ここのところ、娘と会う約束をしても直前でキャンセルになることが続いていた。
『大丈夫?』
メールを送ると、返事はあった。心配かけてごめん、大丈夫だよ……
けれど6月以降、顔を見ていないし声も聞いていない。

気になることはほかにもあった。9月中旬、突然「メールアドレスを変えた」という連絡が入っていた。メールアドレスを変えるというのはトラブルがあったからではないのだろうか。

女友達の家で一緒に暮らしていると言っていたあの彼氏とはうまくいっているのだろうか。
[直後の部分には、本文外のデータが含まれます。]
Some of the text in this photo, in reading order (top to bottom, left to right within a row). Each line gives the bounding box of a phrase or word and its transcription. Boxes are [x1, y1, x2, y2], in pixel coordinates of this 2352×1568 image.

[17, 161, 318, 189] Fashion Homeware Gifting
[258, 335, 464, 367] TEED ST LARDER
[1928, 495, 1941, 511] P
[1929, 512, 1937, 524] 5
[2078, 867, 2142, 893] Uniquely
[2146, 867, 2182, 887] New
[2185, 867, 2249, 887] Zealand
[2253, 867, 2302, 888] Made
あの彼氏と交際し始めてから、消費者金融で借金もしているようだし、とにかく会って顔を見ない事には心配でたまらない……

平成25年9月30日、この女性は警察に娘の捜索願を出した。

変わり果てた娘

宮崎北署は母親からの捜索願を受け、連絡が取れなくなっている女性と同居している女友達と、交際相手の行方を追った。
平成23年10月1日、宮崎市内でその女友達と交際相手を発見。
同居していたとされる女友達名義のマンションを捜索すると複数の血痕が検出された。
それを受けて女友達を追及したところ、翌2日になって、
「彼女の遺体を切断して知人の家に置いている」
という驚愕の事実が判明。
別の女友達が暮らすマンションの一室を捜索したところ、部屋の中のクローゼットの衣装ケースの中から、圧縮袋に詰め込まれた「体の一部」が発見されたのだ。
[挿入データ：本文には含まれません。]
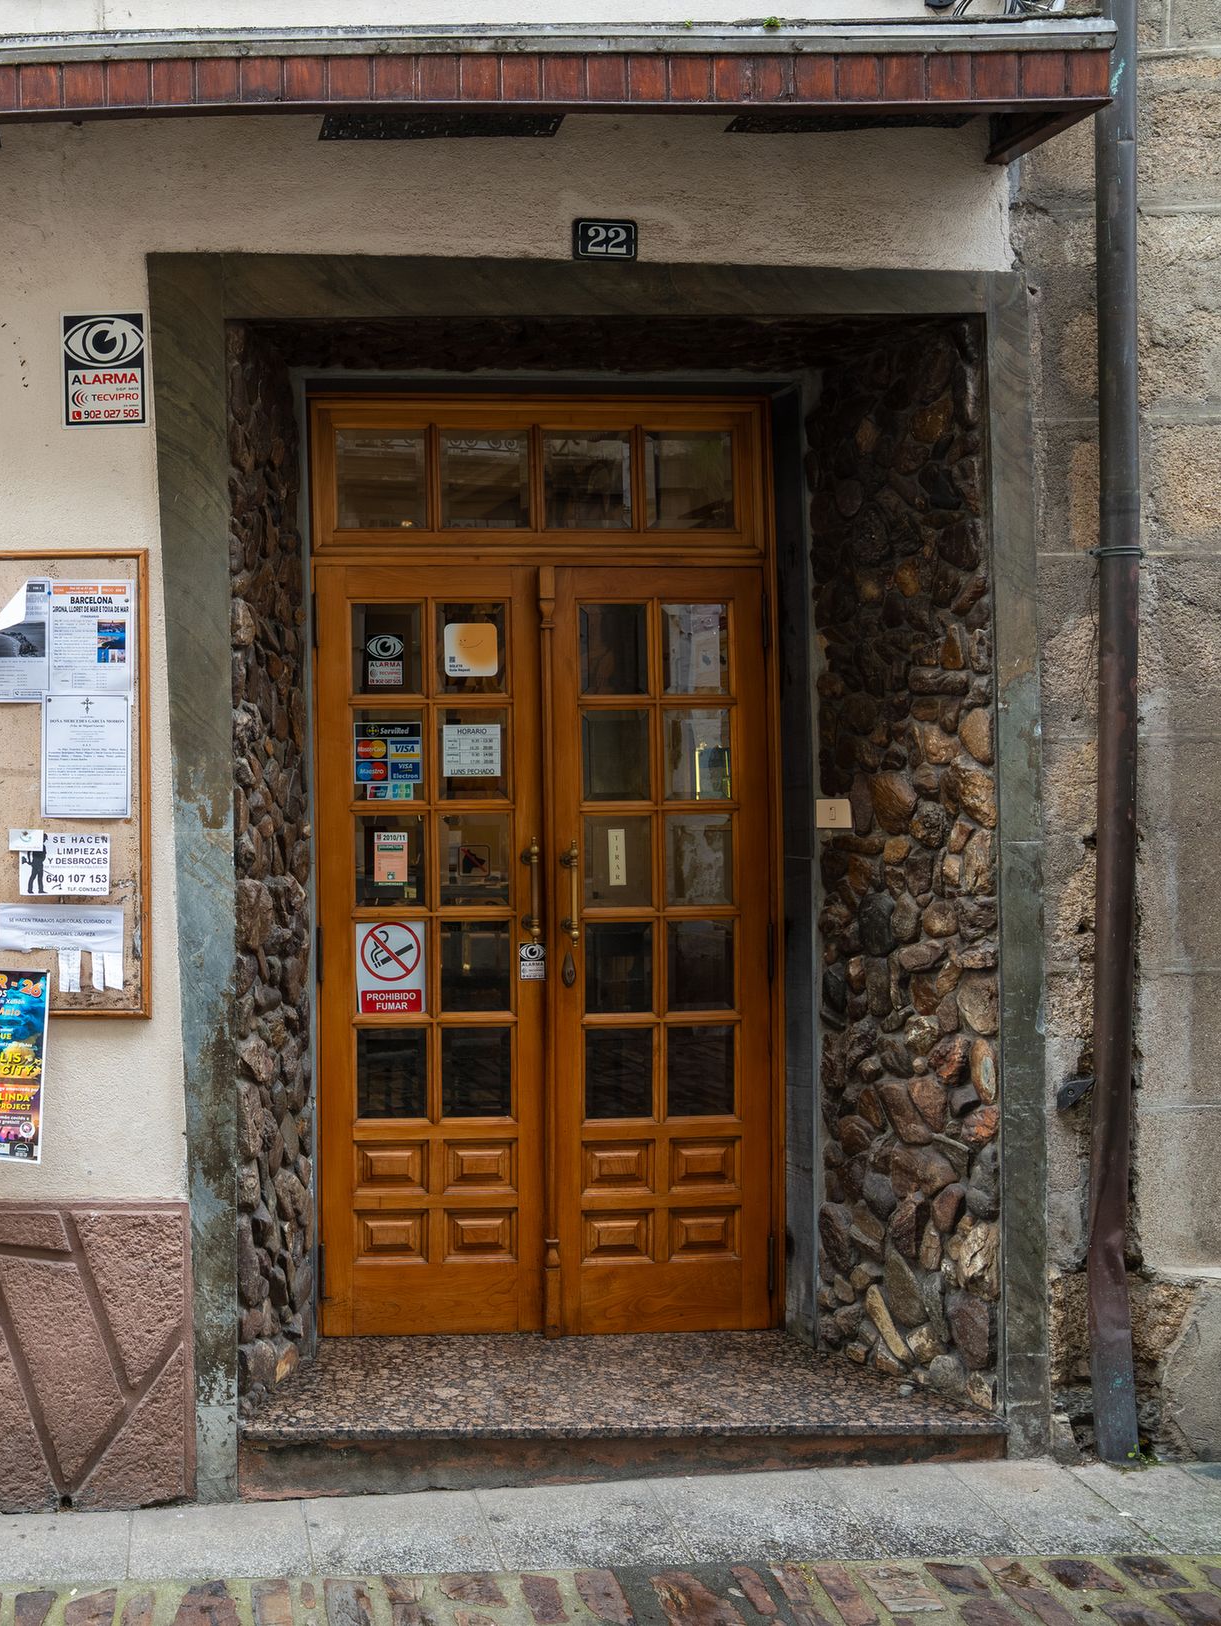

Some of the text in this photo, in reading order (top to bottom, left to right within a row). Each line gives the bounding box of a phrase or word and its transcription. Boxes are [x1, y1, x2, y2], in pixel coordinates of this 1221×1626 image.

[587, 226, 627, 254] 22
[71, 372, 139, 386] ALARMA
[91, 392, 140, 402] TECVIPRO
[83, 408, 140, 420] 902 027 505
[69, 596, 114, 605] BARCELONA
[380, 727, 410, 735] ServiRed
[395, 745, 415, 753] VISA
[52, 836, 108, 844] SE HACEN
[56, 847, 108, 855] LIMPIEZAS
[55, 857, 108, 865] DESBROCES
[45, 874, 107, 883] 640 107 153
[20, 979, 43, 998] 26
[366, 992, 417, 1001] PROHIBIDO
[376, 1001, 408, 1010] FUMAR
[1, 1065, 35, 1077] CITY
県警は死体遺棄の容疑で宮崎市在住の無職・金丸真菜実(当時23歳)と、行方不明の女性の交際相手だった元飲食店従業員で無職の東竜二(当時28歳)を逮捕、後に遺体が置かれていた部屋に住んでいた無職の阿部麻里絵(仮名/当時22歳)も逮捕した。
遺体はこの時点で身元の断定はできなかったが、3人の話から連絡が取れなくなっているあの女性で間違いないとみられた。

女性は、宮崎市の澤木友美さん(当時27歳)。
その後の司法解剖などで本人であると断定された。警察は友美さんが殺害された可能性が高いとみて捜査を続けたが、3人とも遺棄容疑は認めていたものの、殺害については否認していたという。
「気づいたら冷たくなっていた」
これが、3人の主張だった。
友美さんの死因は、切断され腐敗が激しかったものの、複数の内出血の痕跡があり、当初外傷性ショック死とみられていた。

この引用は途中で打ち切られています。